Aerial video obtained by The Sun appears to show two patrol cars in tow, arriving within moments after the crash.
“This was a car accident that could’ve been prevented if the police had not been chasing a stolen vehicle through the city limits,” Simmons said. “All they have to do is follow from above with that helicopter; we’re not talking about professional car thieves.”

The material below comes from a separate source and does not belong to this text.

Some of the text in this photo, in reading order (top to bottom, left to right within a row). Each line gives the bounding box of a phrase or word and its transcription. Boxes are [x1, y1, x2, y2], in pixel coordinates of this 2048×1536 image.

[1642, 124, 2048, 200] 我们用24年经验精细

Police formally charged the woman in the stolen vehicle on March 30. Delisa Ann Dello-Stritto, 28, faces four counts of second-degree assault, and one count each of reckless endangerment, unauthorized removal of property, and theft between $1,000 and $25,000, court records show. She also has numerous pending traffic charges and is being held without bail.

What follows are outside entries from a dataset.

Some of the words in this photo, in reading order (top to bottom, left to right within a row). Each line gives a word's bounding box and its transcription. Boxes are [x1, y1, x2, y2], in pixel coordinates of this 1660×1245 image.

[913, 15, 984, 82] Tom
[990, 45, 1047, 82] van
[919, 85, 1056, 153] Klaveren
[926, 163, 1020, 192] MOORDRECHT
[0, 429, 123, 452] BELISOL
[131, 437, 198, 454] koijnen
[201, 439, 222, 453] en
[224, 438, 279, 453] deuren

Police wrote in charging documents that the incident began when Officer Claude Torres was notified that a 2014 Ford Fusion reported stolen in Pennsylvania was located via GPS at a gas station on West Patapsco Avenue.
Baltimore Police policies on chasing fleeing suspects prohibit a pursuit for a stolen vehicle but say that they may give chase if there “exists probable cause to believe the fleeing suspect committed a felony which resulted, or could have resulted, in death or serious bodily injury.”
Officers are supposed to weigh the danger to the community, the likelihood of being able to apprehend the person at a later time, and the availability of air support.
The Foxtrot helicopter unit was overhead when the officers arrived and attempted to box the vehicle in, Torres wrote.
Dello-Stritto put the vehicle in reverse, and pulled out of the gas station, striking a police vehicle on the way out, records show. Her path through the city is charted in charging documents: westbound on Patapsco, east on Washington Boulevard, north on Desoto Road, east on Wilkens Avenue, to Cole Street and north on North Stricker Street. She blew through stop signs on McHenry Street, Pratt Street, Lombard Street, and then turned west on West Baltimore Street, police said.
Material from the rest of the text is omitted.